To do :: What is needed is an exact copy of the lines from the one containing "Some of the words" through the last line of the entries below, both included.

[Stored entries]
================================
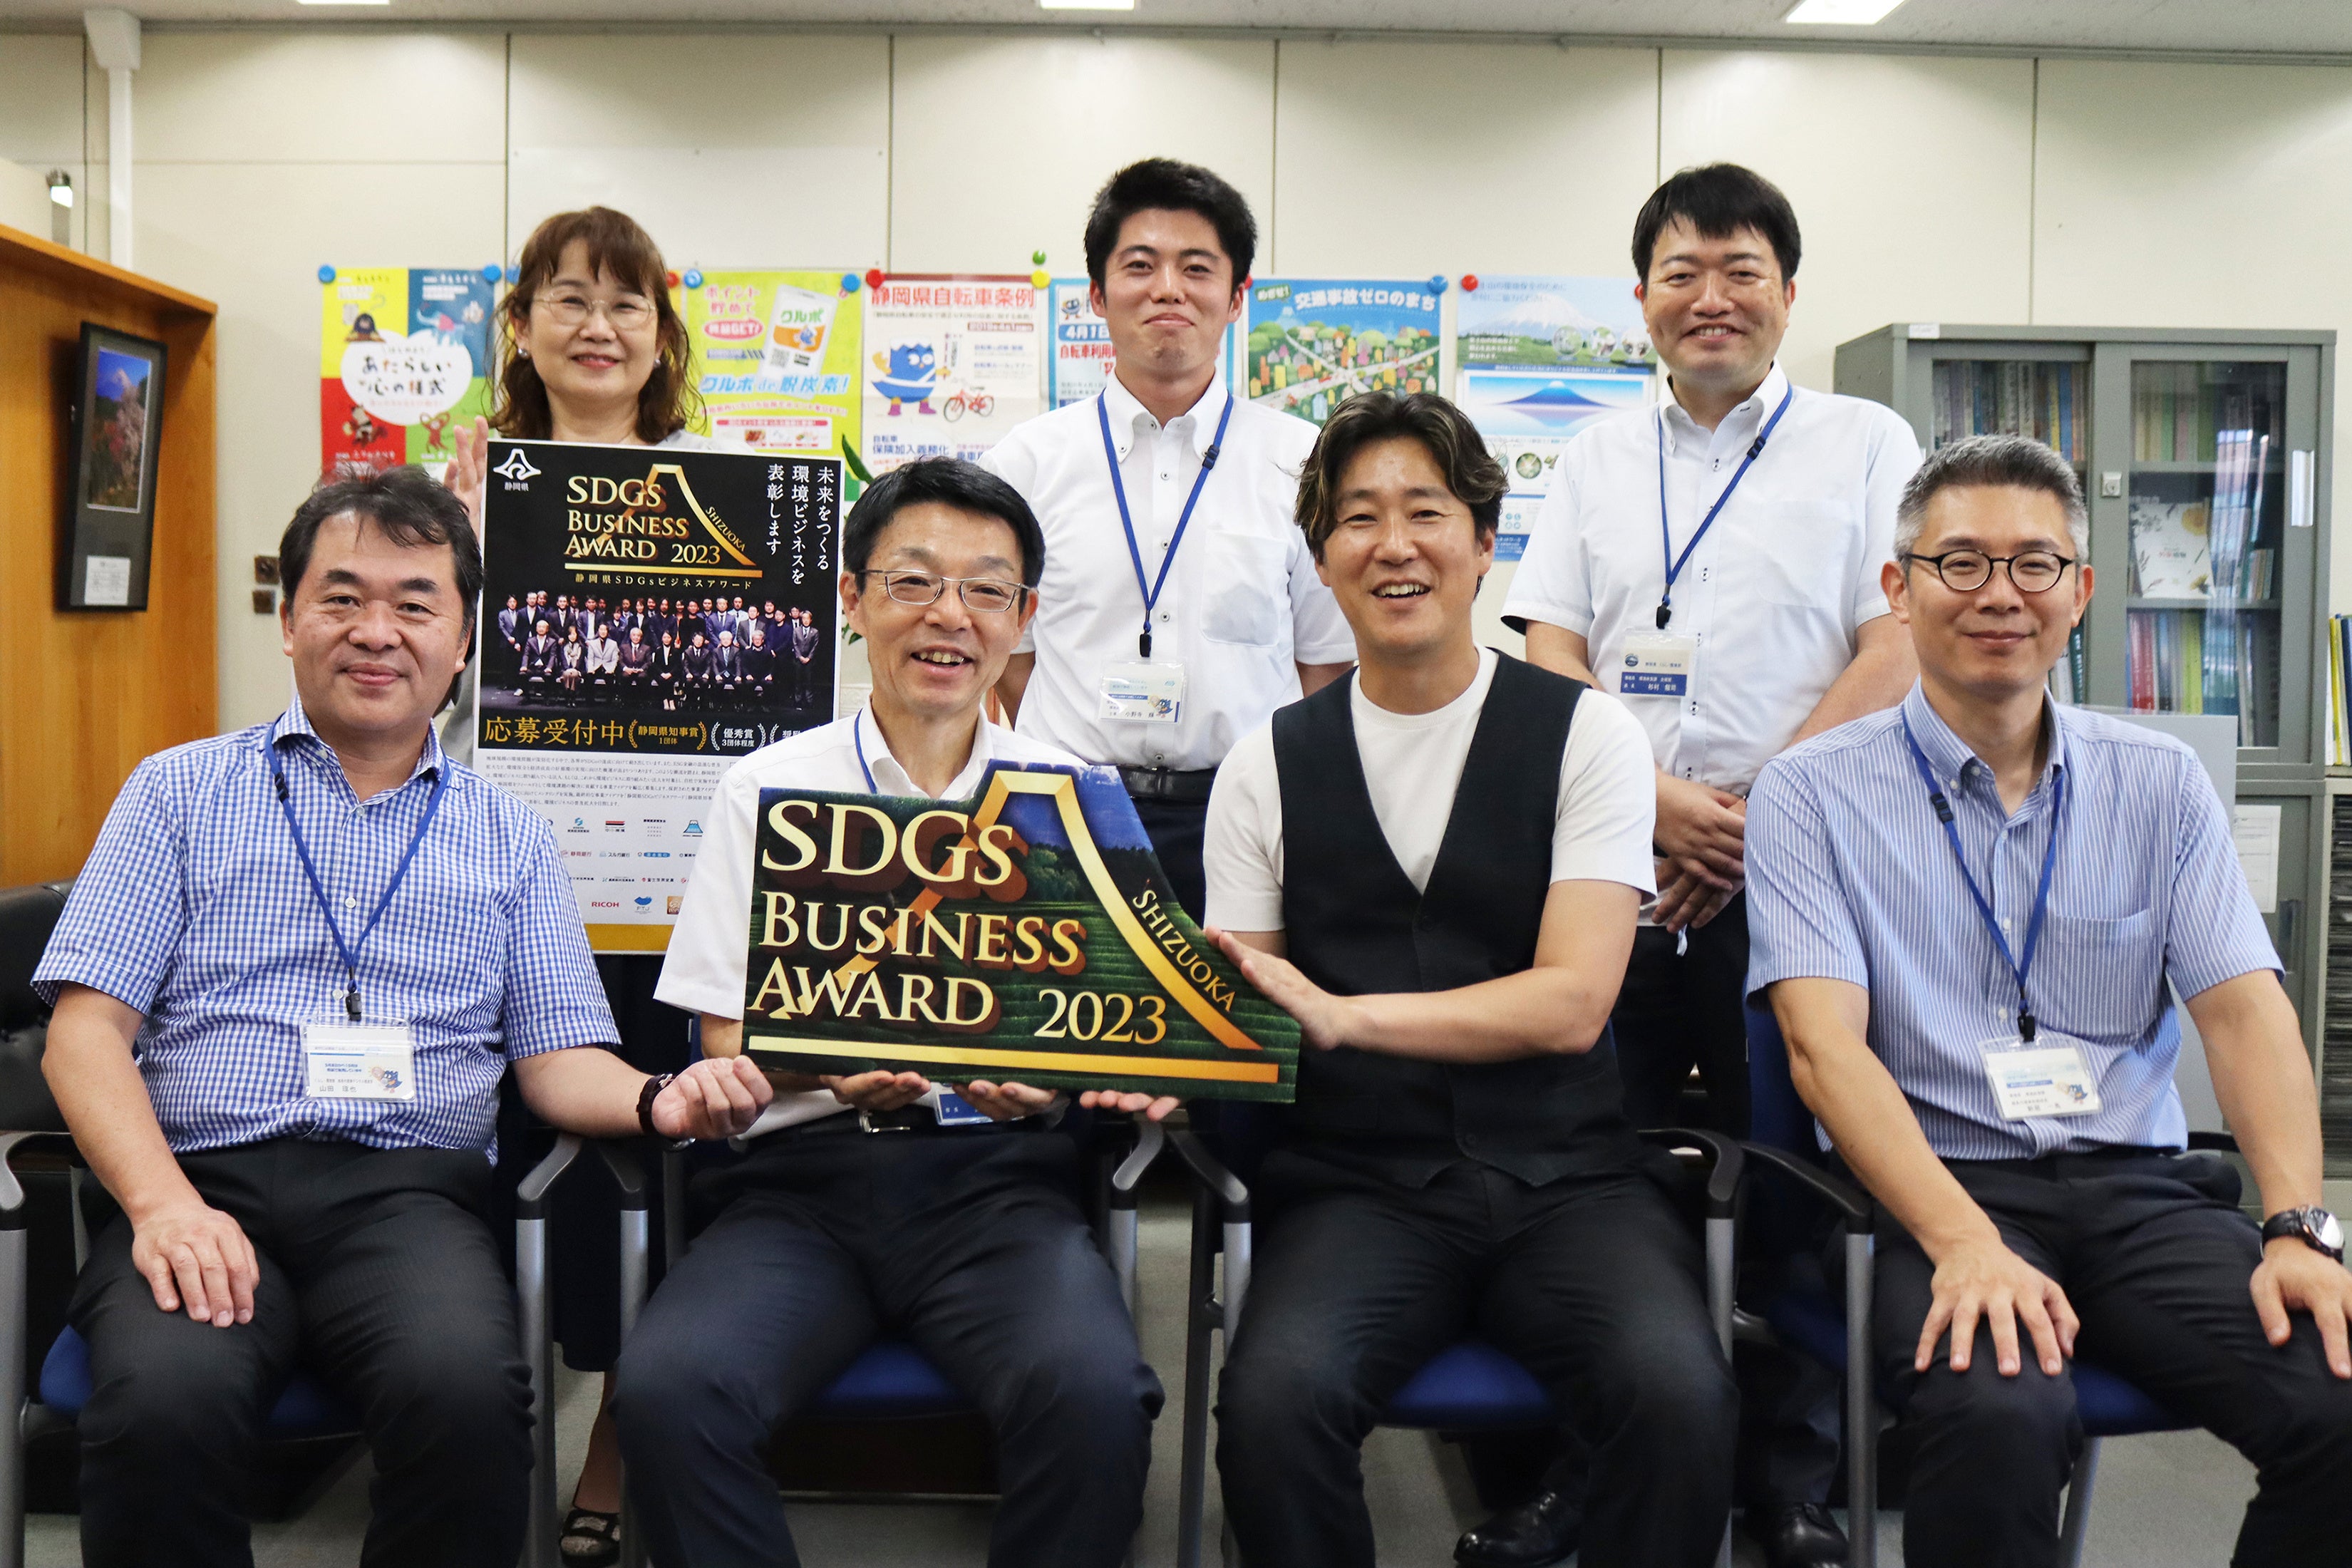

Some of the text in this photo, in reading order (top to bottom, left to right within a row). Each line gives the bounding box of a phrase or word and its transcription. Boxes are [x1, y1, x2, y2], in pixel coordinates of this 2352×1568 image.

[705, 286, 759, 299] ポイント
[872, 287, 1033, 307] 静岡県自転車条例
[1294, 289, 1436, 311] 交通事故ゼロのまち
[781, 309, 822, 323] クルポ
[1066, 325, 1110, 339] 4月1日
[362, 356, 452, 373] あたらしい
[368, 378, 446, 396] 心の様式
[701, 377, 752, 392] クルポ
[781, 377, 849, 393] 脱炭素!
[873, 445, 949, 455] 保険加入義務化
[505, 482, 529, 491] 静岡県
[766, 463, 785, 555] 表彰します
[816, 466, 835, 570] 未来をつくる
[567, 510, 688, 537] BUSINESS
[706, 506, 746, 552] SHIZUOKA
[791, 465, 810, 585] 環境ビジネスを
[564, 534, 721, 564] AWARD 2023
[575, 573, 752, 590] 静岡県SDGsビジネスアワード
[485, 716, 624, 746] 応募受付中
[638, 726, 699, 738] 静岡県知事賞
[723, 728, 754, 739] 優秀賞
[722, 739, 755, 748] 3団体程度
[759, 891, 1081, 969] BUSINESS
[1132, 889, 1237, 1013] SHIZUOKA
[747, 956, 1167, 1045] AWARD 2023
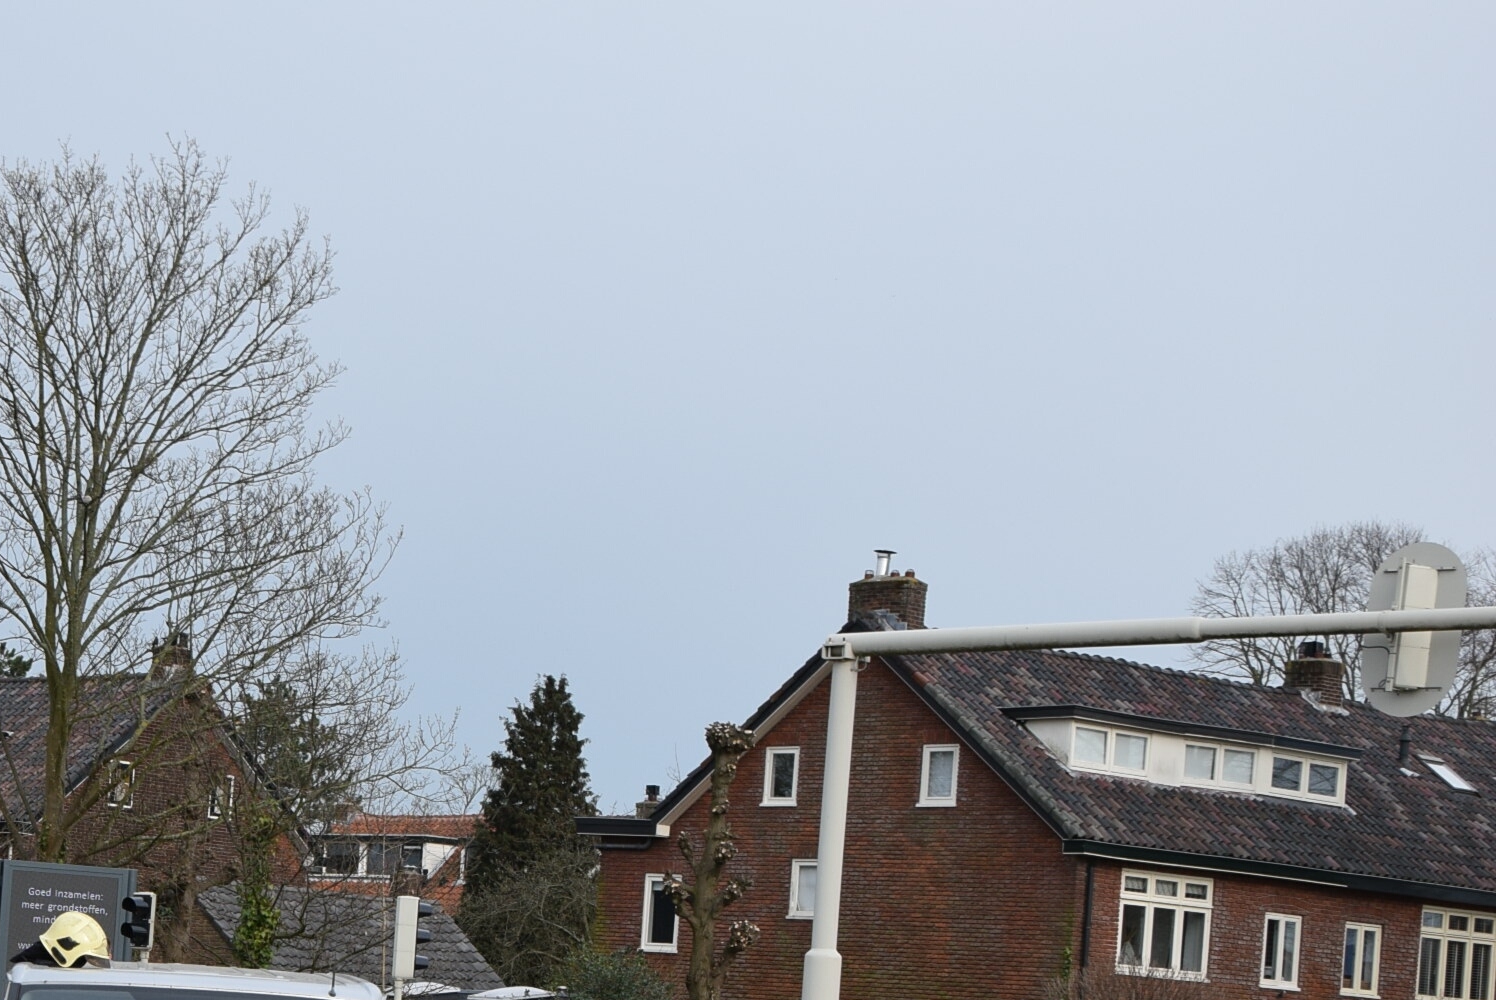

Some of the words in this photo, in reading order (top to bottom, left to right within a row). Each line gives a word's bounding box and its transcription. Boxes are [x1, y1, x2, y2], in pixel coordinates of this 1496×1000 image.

[28, 887, 52, 897] Goed
[55, 889, 104, 901] inzamelen:
[21, 901, 44, 910] meer
[47, 903, 108, 916] grondstoffen,
[33, 915, 56, 924] mind
================================
Answer section ::
Some of the words in this photo, in reading order (top to bottom, left to right within a row). Each line gives a word's bounding box and its transcription. Boxes are [x1, y1, x2, y2], in pixel coordinates of this 1496×1000 image.

[28, 887, 52, 897] Goed
[55, 889, 104, 901] inzamelen:
[21, 901, 44, 910] meer
[47, 903, 108, 916] grondstoffen,
[33, 915, 56, 924] mind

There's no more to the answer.